Mitigation strategies for CVE-2016-8775 require immediate firmware updates from Huawei to address the buffer overflow in the touch panel driver component. Organizations should implement network-based intrusion detection systems to monitor for suspicious touch event patterns that may indicate exploitation attempts. Device administrators should enforce strict application permissions and regularly audit system logs for unauthorized access attempts.
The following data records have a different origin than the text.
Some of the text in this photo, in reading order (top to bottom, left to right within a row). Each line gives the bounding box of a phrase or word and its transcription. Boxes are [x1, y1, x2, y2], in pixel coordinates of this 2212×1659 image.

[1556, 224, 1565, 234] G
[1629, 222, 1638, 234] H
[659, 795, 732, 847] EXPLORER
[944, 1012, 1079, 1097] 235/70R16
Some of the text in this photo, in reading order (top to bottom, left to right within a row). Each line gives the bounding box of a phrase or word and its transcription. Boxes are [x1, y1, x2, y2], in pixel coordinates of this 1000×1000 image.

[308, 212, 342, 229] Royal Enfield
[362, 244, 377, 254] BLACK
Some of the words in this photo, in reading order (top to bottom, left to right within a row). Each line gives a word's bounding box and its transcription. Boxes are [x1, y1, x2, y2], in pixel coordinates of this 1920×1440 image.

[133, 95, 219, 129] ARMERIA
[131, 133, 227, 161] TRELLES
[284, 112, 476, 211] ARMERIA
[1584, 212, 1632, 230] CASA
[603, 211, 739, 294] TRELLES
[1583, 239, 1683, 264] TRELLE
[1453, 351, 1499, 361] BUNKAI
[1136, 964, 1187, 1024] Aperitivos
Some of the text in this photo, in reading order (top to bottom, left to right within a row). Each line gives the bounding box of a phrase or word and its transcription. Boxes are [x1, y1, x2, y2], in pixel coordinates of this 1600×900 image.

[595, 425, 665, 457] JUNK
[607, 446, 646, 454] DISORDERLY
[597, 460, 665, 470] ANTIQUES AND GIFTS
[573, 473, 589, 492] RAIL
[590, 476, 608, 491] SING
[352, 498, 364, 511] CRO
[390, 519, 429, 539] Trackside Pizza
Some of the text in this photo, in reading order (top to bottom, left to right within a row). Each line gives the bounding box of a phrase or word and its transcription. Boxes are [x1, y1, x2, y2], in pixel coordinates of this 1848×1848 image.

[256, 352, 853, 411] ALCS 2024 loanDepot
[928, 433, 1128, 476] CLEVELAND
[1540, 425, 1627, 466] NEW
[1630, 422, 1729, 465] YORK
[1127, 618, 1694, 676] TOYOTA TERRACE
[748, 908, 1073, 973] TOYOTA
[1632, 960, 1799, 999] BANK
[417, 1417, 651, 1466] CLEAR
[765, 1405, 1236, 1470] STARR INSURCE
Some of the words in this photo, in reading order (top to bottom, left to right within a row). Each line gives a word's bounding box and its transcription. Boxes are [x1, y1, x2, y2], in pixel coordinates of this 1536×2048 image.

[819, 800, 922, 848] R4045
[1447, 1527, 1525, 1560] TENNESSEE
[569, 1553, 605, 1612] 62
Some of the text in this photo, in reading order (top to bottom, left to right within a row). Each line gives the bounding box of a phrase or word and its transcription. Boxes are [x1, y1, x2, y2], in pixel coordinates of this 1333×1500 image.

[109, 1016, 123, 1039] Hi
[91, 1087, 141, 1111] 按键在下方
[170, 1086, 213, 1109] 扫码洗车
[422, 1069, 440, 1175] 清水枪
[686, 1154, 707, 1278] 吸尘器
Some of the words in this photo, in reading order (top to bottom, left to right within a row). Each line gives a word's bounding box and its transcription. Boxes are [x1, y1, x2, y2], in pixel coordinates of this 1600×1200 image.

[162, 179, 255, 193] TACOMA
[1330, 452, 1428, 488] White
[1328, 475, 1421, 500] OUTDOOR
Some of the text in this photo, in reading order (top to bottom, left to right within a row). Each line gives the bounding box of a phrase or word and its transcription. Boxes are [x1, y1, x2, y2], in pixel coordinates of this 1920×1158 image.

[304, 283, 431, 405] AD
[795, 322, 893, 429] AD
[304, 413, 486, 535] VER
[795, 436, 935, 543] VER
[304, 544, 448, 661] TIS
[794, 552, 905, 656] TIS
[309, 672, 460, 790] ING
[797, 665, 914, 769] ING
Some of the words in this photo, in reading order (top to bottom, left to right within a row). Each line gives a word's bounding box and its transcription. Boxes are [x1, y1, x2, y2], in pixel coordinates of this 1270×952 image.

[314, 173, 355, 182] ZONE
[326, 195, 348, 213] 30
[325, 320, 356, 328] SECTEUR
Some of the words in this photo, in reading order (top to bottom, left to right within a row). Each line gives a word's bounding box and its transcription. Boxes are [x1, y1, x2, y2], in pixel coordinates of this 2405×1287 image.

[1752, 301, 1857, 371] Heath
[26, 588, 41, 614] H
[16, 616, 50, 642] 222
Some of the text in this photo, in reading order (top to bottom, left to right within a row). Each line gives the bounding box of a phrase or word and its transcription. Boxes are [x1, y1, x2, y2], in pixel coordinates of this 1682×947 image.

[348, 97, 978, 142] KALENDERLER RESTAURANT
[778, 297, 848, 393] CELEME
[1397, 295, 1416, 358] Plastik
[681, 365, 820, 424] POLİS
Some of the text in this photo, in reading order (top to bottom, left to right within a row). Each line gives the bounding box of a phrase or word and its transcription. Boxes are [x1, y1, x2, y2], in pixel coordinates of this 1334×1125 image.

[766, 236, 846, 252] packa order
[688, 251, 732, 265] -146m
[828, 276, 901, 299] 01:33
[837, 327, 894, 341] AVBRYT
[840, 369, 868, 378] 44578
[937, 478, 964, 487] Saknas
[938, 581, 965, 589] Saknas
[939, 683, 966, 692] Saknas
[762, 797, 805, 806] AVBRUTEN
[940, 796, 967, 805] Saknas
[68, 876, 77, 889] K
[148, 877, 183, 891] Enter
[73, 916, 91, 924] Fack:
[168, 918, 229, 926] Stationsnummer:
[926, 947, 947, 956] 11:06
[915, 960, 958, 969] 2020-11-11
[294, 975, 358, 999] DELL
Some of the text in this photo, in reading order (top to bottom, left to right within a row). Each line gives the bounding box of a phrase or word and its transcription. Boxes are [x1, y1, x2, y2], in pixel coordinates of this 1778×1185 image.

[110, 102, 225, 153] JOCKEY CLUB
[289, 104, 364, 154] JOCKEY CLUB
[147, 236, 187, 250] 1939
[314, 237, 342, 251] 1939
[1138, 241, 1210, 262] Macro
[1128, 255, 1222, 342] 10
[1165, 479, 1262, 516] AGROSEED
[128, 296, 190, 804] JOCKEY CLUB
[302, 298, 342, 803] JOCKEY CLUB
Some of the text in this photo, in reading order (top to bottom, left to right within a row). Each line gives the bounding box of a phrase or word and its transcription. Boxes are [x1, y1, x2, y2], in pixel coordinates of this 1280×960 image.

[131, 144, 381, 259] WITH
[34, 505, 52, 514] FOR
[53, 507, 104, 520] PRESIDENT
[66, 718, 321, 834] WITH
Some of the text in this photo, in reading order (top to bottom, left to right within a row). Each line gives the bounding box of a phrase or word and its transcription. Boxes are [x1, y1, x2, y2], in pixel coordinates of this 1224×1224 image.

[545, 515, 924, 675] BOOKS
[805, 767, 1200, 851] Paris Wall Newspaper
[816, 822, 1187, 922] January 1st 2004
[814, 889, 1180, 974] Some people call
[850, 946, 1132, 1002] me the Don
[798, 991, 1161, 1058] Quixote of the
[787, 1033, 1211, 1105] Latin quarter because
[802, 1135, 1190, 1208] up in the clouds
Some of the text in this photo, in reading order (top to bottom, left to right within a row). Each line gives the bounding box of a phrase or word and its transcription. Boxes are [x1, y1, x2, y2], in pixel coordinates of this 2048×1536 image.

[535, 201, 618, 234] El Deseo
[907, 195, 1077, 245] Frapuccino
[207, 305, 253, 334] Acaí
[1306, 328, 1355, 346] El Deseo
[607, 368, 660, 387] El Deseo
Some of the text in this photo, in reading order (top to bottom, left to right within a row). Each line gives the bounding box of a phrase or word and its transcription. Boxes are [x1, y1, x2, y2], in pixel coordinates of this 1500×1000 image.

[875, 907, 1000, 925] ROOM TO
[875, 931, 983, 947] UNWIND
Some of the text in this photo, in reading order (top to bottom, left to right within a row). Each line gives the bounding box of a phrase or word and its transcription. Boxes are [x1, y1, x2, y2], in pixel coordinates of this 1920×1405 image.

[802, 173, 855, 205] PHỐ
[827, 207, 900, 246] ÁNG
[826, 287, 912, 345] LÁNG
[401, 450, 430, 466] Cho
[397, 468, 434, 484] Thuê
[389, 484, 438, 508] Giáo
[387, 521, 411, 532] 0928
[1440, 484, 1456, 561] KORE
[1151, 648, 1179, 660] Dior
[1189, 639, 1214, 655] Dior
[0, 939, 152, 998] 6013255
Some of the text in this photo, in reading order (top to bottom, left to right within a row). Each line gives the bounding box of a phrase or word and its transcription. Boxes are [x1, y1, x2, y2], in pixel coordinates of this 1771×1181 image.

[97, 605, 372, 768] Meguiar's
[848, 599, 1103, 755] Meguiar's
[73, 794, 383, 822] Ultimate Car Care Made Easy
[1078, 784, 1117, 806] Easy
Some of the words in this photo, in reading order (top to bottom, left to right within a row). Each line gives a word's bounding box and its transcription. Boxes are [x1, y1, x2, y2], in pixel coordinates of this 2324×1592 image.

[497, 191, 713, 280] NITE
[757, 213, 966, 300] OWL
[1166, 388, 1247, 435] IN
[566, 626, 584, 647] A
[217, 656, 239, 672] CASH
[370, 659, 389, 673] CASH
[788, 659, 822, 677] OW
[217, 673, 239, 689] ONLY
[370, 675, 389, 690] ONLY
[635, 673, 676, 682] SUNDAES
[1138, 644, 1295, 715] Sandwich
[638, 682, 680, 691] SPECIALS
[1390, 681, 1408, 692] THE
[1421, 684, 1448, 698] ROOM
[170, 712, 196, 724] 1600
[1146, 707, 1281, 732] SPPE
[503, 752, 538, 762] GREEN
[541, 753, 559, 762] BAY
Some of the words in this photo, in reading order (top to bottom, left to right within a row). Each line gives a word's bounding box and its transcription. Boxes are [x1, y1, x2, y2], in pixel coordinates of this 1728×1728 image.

The vulnerability demonstrates the importance of secure coding practices in device drivers and highlights the need for comprehensive input validation mechanisms. Security teams should consider implementing mobile device management solutions that can automatically patch vulnerable devices and monitor for exploitation indicators. This case study emphasizes the critical role of driver security in mobile platforms and serves as a reminder of the potential consequences when input validation fails in kernel-level components, aligning with ATT&CK technique T1068 which covers exploit for privilege escalation.